• Assigned task:
This exercise calls for the listing to be set down exactly.

• Source records:
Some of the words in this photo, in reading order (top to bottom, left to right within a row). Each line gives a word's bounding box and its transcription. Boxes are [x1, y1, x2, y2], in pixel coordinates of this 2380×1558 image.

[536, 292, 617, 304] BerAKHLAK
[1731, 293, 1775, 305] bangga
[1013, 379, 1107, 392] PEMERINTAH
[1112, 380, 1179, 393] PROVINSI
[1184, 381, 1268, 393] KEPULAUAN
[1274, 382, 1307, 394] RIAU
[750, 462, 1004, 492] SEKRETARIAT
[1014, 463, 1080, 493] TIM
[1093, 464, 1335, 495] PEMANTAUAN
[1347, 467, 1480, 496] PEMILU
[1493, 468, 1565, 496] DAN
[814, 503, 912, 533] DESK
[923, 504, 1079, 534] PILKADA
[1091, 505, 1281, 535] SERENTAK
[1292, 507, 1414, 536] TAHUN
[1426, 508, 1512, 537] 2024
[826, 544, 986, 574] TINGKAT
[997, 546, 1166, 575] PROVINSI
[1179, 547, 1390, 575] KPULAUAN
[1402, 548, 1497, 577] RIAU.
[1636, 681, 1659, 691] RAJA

• Task response:
Some of the words in this photo, in reading order (top to bottom, left to right within a row). Each line gives a word's bounding box and its transcription. Boxes are [x1, y1, x2, y2], in pixel coordinates of this 2380×1558 image.

[536, 292, 617, 304] BerAKHLAK
[1731, 293, 1775, 305] bangga
[1013, 379, 1107, 392] PEMERINTAH
[1112, 380, 1179, 393] PROVINSI
[1184, 381, 1268, 393] KEPULAUAN
[1274, 382, 1307, 394] RIAU
[750, 462, 1004, 492] SEKRETARIAT
[1014, 463, 1080, 493] TIM
[1093, 464, 1335, 495] PEMANTAUAN
[1347, 467, 1480, 496] PEMILU
[1493, 468, 1565, 496] DAN
[814, 503, 912, 533] DESK
[923, 504, 1079, 534] PILKADA
[1091, 505, 1281, 535] SERENTAK
[1292, 507, 1414, 536] TAHUN
[1426, 508, 1512, 537] 2024
[826, 544, 986, 574] TINGKAT
[997, 546, 1166, 575] PROVINSI
[1179, 547, 1390, 575] KPULAUAN
[1402, 548, 1497, 577] RIAU.
[1636, 681, 1659, 691] RAJA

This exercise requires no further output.